The region’s credit unions made $7 billion in auto, student and credit card loans in the first quarter. (Jeffrey MacMillan/Capital Business)

First-quarter loan originations at regional credit unions hit the highest volume in five years, according to new data from Callahan & Associates, a District-based provider of analytical services for credit unions.

The 330 financial cooperatives headquartered in Maryland, D.C. and Virginia originated a total $11.2 billion in loans in the past quarter, a 20 percent increase from the same time a year earlier. First mortgage loans grew the most, up 43.5 percent to $3.7 billion. Consumer loans — auto, credit card and student loans — rose 10.8 percent to $7 billion.

Originations across the country jumped 25 percent, compared with the previous year, to $72 billion. Similar to local results, first mortgage loans nationwide recorded the highest growth, with a 47 percent spike to $26 billion. Credit unions granted 160,746 of these home loans with an average balance of $161,549.

Lydia Cole, director of industry analysis at Callahan, said refinancing activity spurred the surge in first mortgage loans.

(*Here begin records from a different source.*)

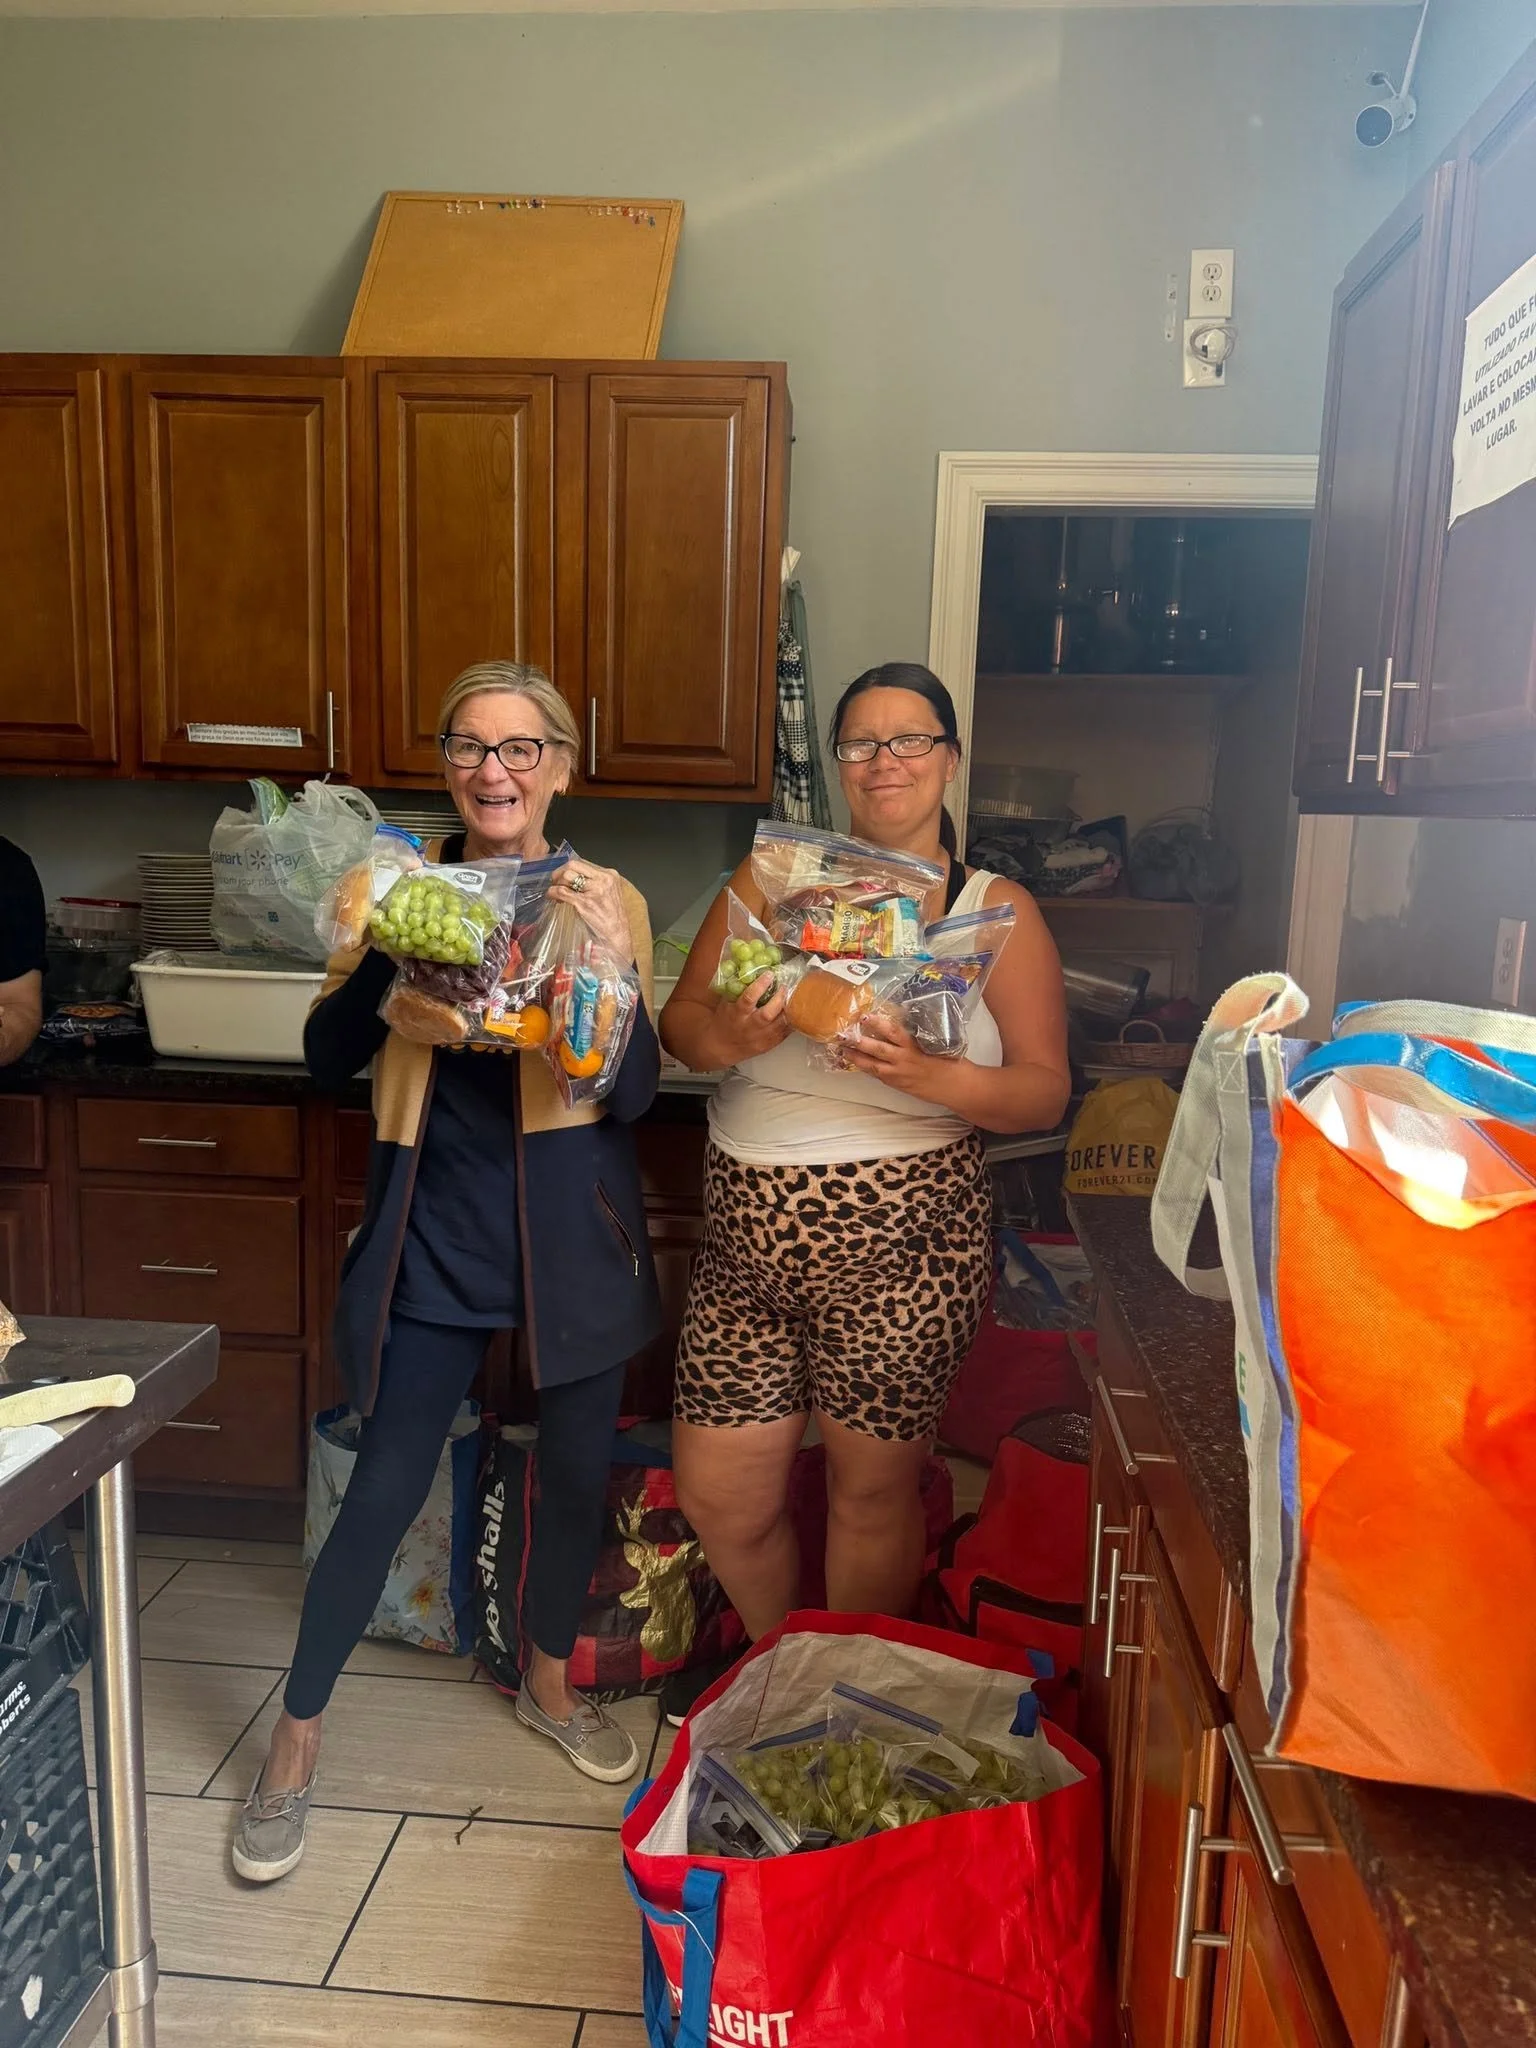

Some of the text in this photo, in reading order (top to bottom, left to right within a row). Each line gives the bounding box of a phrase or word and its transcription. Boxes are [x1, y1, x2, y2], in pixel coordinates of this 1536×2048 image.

[1484, 321, 1507, 351] TUDO
[1508, 301, 1528, 331] QUE
[1475, 337, 1517, 384] UTILIZADO
[1463, 385, 1488, 416] LAVAR
[1490, 378, 1497, 395] E
[1470, 408, 1496, 436] VOLTA
[1498, 396, 1512, 417] NO
[1486, 418, 1518, 451] LUGAR.
[274, 853, 300, 869] Pay
[258, 876, 289, 889] phone
[709, 2003, 794, 2048] IGHT
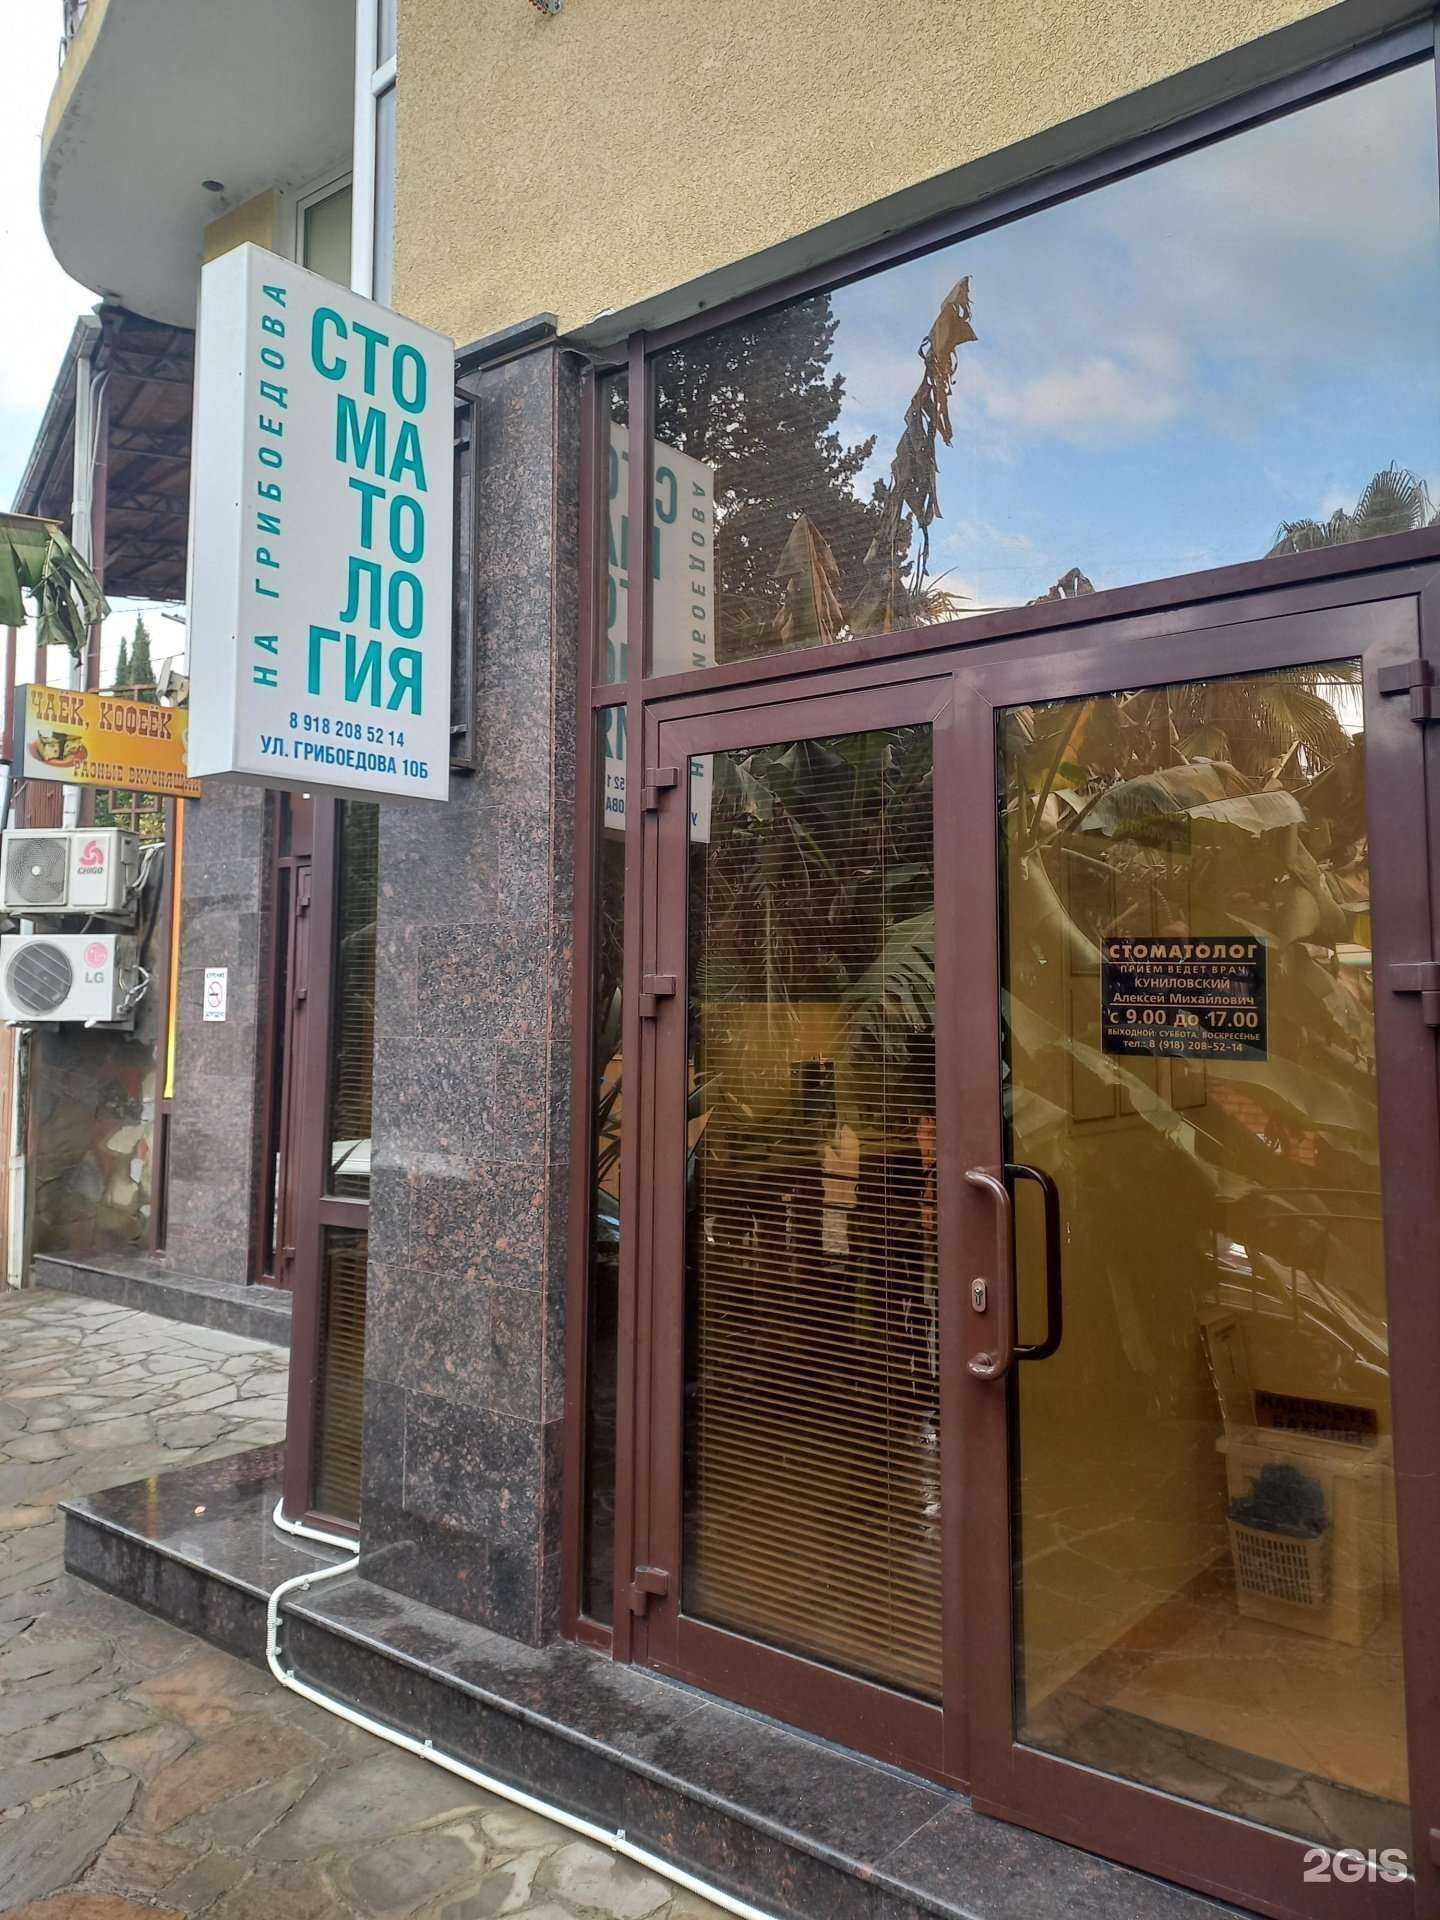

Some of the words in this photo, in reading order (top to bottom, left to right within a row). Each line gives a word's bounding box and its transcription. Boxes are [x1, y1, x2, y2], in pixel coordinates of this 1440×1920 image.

[311, 306, 428, 415] СТО
[255, 284, 288, 599] ГРИБОЕДОВА
[336, 393, 428, 492] МА
[348, 476, 425, 564] ТО
[339, 556, 424, 640] ЛО
[254, 634, 279, 688] НА
[308, 624, 423, 717] ГИЯ
[100, 701, 173, 740] КОФЕЁК
[289, 712, 298, 728] 8
[303, 714, 330, 735] 918
[335, 720, 362, 740] 208
[367, 726, 383, 744] 52
[388, 730, 405, 747] 14
[260, 735, 289, 757] УЛ.
[294, 741, 397, 774] ГРИБОЕДОВА
[402, 758, 428, 779] 10Б
[1109, 943, 1257, 959] СТОМАТОЛОГ
[1167, 965, 1206, 974] ВЕДЕТ
[1211, 965, 1246, 975] ВРАЧ
[85, 972, 104, 983] LG
[1134, 977, 1231, 989] КУНИЛОВСКИЙ
[1113, 991, 1165, 1004] Алексей
[1169, 993, 1255, 1006] Михайлович
[1126, 1009, 1167, 1025] 9.00
[1173, 1014, 1199, 1028] до
[1207, 1011, 1258, 1028] 17.00
[1149, 1040, 1155, 1048] 8
[1159, 1040, 1185, 1051] (918)
[1187, 1041, 1243, 1052] 208-52-14

According to data from the Mortgage Bankers Association, bankers of all stripes posted significant activity from homeowners refinancing existing mortgages to lock in low interest rates during the first quarter.

“Everyone we talk to in the industry says this is going to be the last refi boom, but it keeps going,” Cole said. Consumer loans, she noted, still make up the bulk of the portfolio of loans both nationally and locally.

Cole said there were a handful of area credit unions that had healthy loan growth in the first quarter, including NIH Federal Credit Union in Rockville and Alexandria-based NAPUS Federal Credit Union.

Loan officers at NAPUS FCU granted $22.3 million in new loans in the first quarter, compared to $6.9 million a year earlier. The credit union caters to 34,830 people connected to the National Association of Postmasters of the United States. It held $61.7 million in first mortgage loans on its books in the first quarter, a 38.5 percent increase over the prior year. New car loans, however, fell 32 percent to $9 million.

In the case of NIH FCU, total loan originations penciled in at $46.7 million, up from $12.4 million the previous year. The credit union, which serves 44,112 members in the biomedical industry, posted a 14.6 percent increase in first mortgage loans, which totaled $120.6 million through the three months ending March.

Meanwhile, credit unions in the region added members at an annual rate of 3.8 percent, while the number of checking accounts grew 6.2 percent from the previous year. Cole suspects the momentum of Bank Transfer Day on Nov. 5, when consumers were encouraged to move their money out of big banks to avoid fees, has continued.